“I said that? You must have an amazing memory.”
“Didn’t you tell me it was for your daughter Carla’s sake you decided to hire Signor Bassi?”
A wry smile moved the narrow lips. “You’re trying to suggest I was responsible for Carlo’s murder?”
“You killed him, signora. It was premeditated. You got up early one morning and you went to his place at Segrate. You waited for him to drive through the gates of his villa. I imagine when he saw you, Carlo Turellini was surprised. He stopped and you shot him. The first bullet jammed. The second went wide. Then you forced yourself to concentrate on his cowardice—and how he was doing your daughter out of her inheritance. The third bullet killed him.”
“I did that?”
It was suddenly very silent in the house in the via Montenapoleone.

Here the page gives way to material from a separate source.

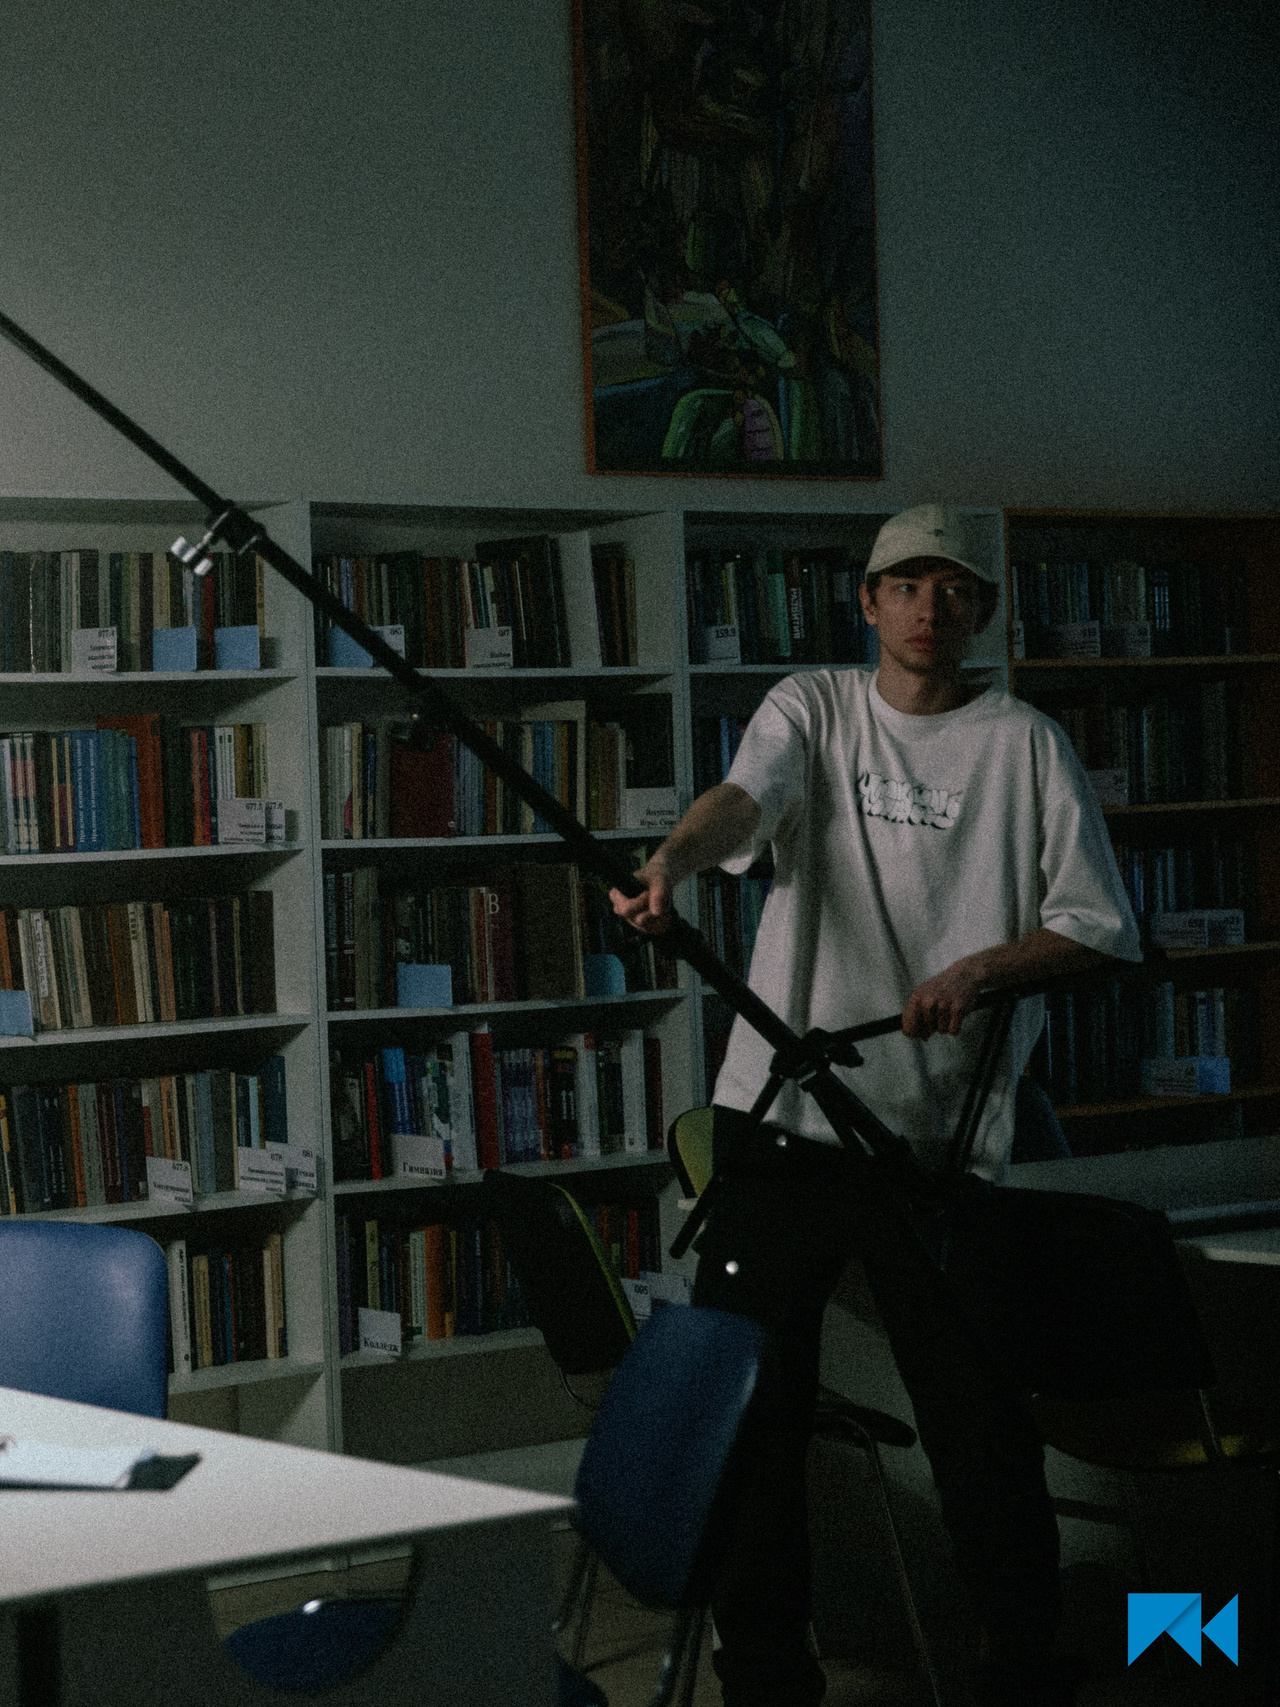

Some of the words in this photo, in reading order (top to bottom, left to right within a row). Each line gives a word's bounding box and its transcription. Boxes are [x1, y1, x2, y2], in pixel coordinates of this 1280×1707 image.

Just the gentle purring of the cat.
Trotti looked at her sharply. “Of course you killed him. And Bassi was either too incompetent or too greedy ever to consider you as the culprit.”
“You can’t possibly have any proof.”
“I don’t need proof.”
A hesitation. “You don’t want to send me to prison?”
“Not necessarily. It all depends upon you.”
Signora Lucchi looked at Trotti carefully. Magagna was also looking at him.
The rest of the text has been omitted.